#### Your goal
Nothing but a verbatim copy of the data, minus the images, should be returned.

#### Entries provided
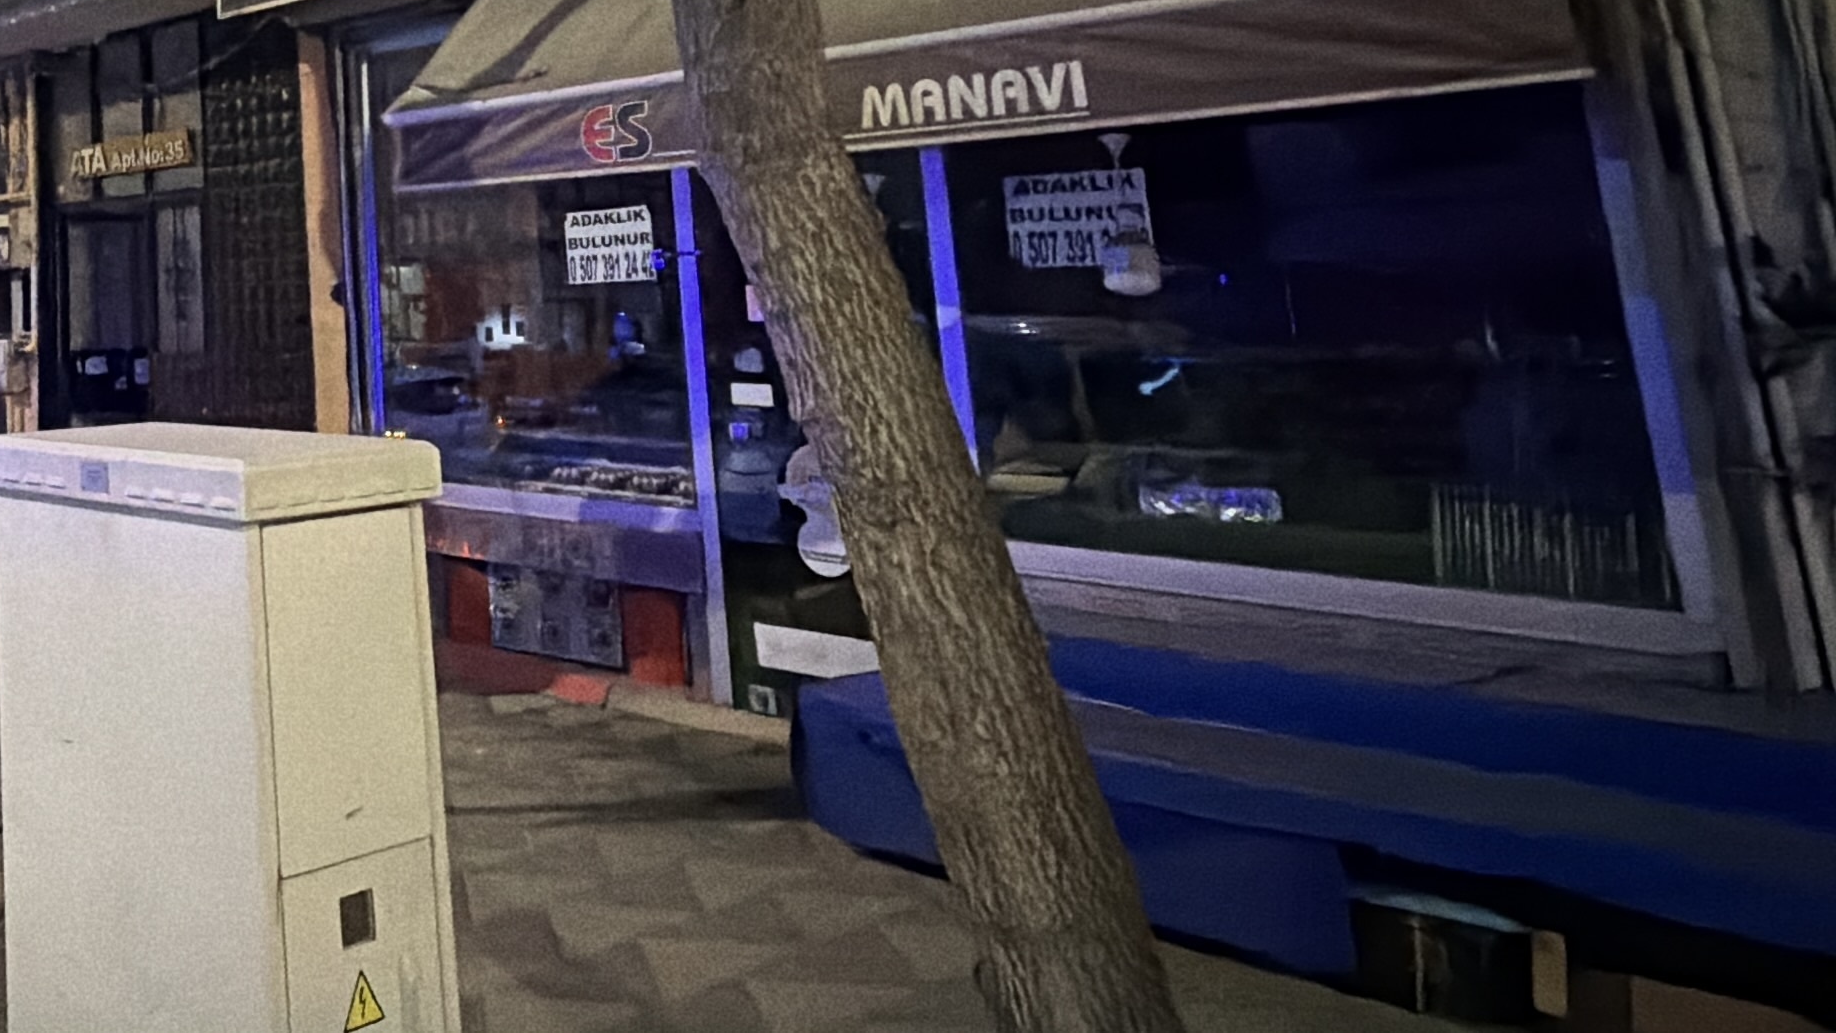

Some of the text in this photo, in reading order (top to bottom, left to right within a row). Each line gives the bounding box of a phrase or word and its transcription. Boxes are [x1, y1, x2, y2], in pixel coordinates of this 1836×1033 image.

[579, 59, 1089, 162] ES MANAVI
[70, 143, 107, 175] ATA
[570, 209, 646, 227] ADAKLIK
[568, 232, 652, 250] BULUNUR
[1028, 230, 1057, 265] 507
[1065, 229, 1096, 263] 391
[569, 255, 577, 282] 0
[580, 253, 598, 282] 507
[601, 252, 621, 280] 391
[624, 251, 639, 279] 24

#### Solution for this problem
Some of the text in this photo, in reading order (top to bottom, left to right within a row). Each line gives the bounding box of a phrase or word and its transcription. Boxes are [x1, y1, x2, y2], in pixel coordinates of this 1836×1033 image.

[579, 59, 1089, 162] ES MANAVI
[70, 143, 107, 175] ATA
[570, 209, 646, 227] ADAKLIK
[568, 232, 652, 250] BULUNUR
[1028, 230, 1057, 265] 507
[1065, 229, 1096, 263] 391
[569, 255, 577, 282] 0
[580, 253, 598, 282] 507
[601, 252, 621, 280] 391
[624, 251, 639, 279] 24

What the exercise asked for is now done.